(Problem details):
Everything in the listing should be copied exactly, save for the pictures.

= = = = =

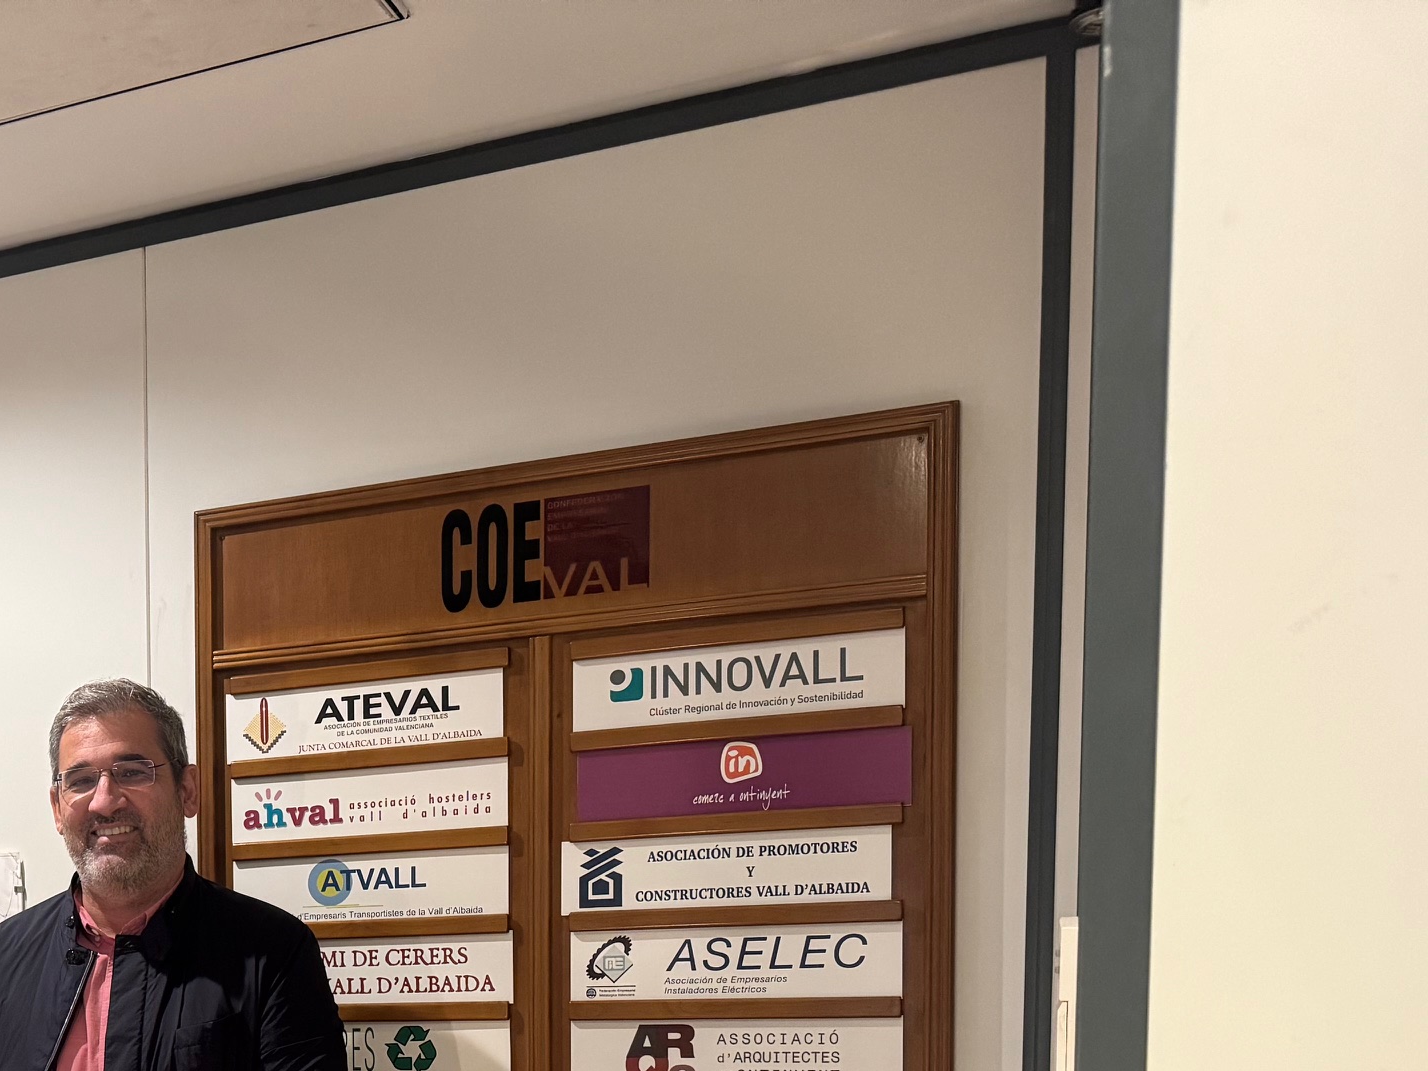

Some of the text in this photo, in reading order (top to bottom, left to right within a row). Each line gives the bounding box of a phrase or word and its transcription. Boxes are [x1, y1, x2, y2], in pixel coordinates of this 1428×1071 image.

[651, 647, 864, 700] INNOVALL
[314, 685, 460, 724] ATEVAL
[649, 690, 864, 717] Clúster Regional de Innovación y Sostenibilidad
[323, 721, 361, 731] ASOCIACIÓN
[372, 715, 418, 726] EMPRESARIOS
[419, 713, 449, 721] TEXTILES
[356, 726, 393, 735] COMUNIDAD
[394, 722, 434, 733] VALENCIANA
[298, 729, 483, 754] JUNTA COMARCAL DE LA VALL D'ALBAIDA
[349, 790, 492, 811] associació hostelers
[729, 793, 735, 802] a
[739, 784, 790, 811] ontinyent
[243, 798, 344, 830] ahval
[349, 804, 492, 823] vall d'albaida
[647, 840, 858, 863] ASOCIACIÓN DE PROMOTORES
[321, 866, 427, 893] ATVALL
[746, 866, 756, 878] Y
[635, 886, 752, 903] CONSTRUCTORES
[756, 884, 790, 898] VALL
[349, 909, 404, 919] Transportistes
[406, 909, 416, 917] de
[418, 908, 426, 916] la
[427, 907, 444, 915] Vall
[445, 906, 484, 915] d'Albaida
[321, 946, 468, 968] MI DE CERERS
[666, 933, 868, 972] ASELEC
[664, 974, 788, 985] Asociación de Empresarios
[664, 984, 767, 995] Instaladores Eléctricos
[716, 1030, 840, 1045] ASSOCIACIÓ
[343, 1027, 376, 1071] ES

= = = = =

(Response to the exercise):
Some of the text in this photo, in reading order (top to bottom, left to right within a row). Each line gives the bounding box of a phrase or word and its transcription. Boxes are [x1, y1, x2, y2], in pixel coordinates of this 1428×1071 image.

[651, 647, 864, 700] INNOVALL
[314, 685, 460, 724] ATEVAL
[649, 690, 864, 717] Clúster Regional de Innovación y Sostenibilidad
[323, 721, 361, 731] ASOCIACIÓN
[372, 715, 418, 726] EMPRESARIOS
[419, 713, 449, 721] TEXTILES
[356, 726, 393, 735] COMUNIDAD
[394, 722, 434, 733] VALENCIANA
[298, 729, 483, 754] JUNTA COMARCAL DE LA VALL D'ALBAIDA
[349, 790, 492, 811] associació hostelers
[729, 793, 735, 802] a
[739, 784, 790, 811] ontinyent
[243, 798, 344, 830] ahval
[349, 804, 492, 823] vall d'albaida
[647, 840, 858, 863] ASOCIACIÓN DE PROMOTORES
[321, 866, 427, 893] ATVALL
[746, 866, 756, 878] Y
[635, 886, 752, 903] CONSTRUCTORES
[756, 884, 790, 898] VALL
[349, 909, 404, 919] Transportistes
[406, 909, 416, 917] de
[418, 908, 426, 916] la
[427, 907, 444, 915] Vall
[445, 906, 484, 915] d'Albaida
[321, 946, 468, 968] MI DE CERERS
[666, 933, 868, 972] ASELEC
[664, 974, 788, 985] Asociación de Empresarios
[664, 984, 767, 995] Instaladores Eléctricos
[716, 1030, 840, 1045] ASSOCIACIÓ
[343, 1027, 376, 1071] ES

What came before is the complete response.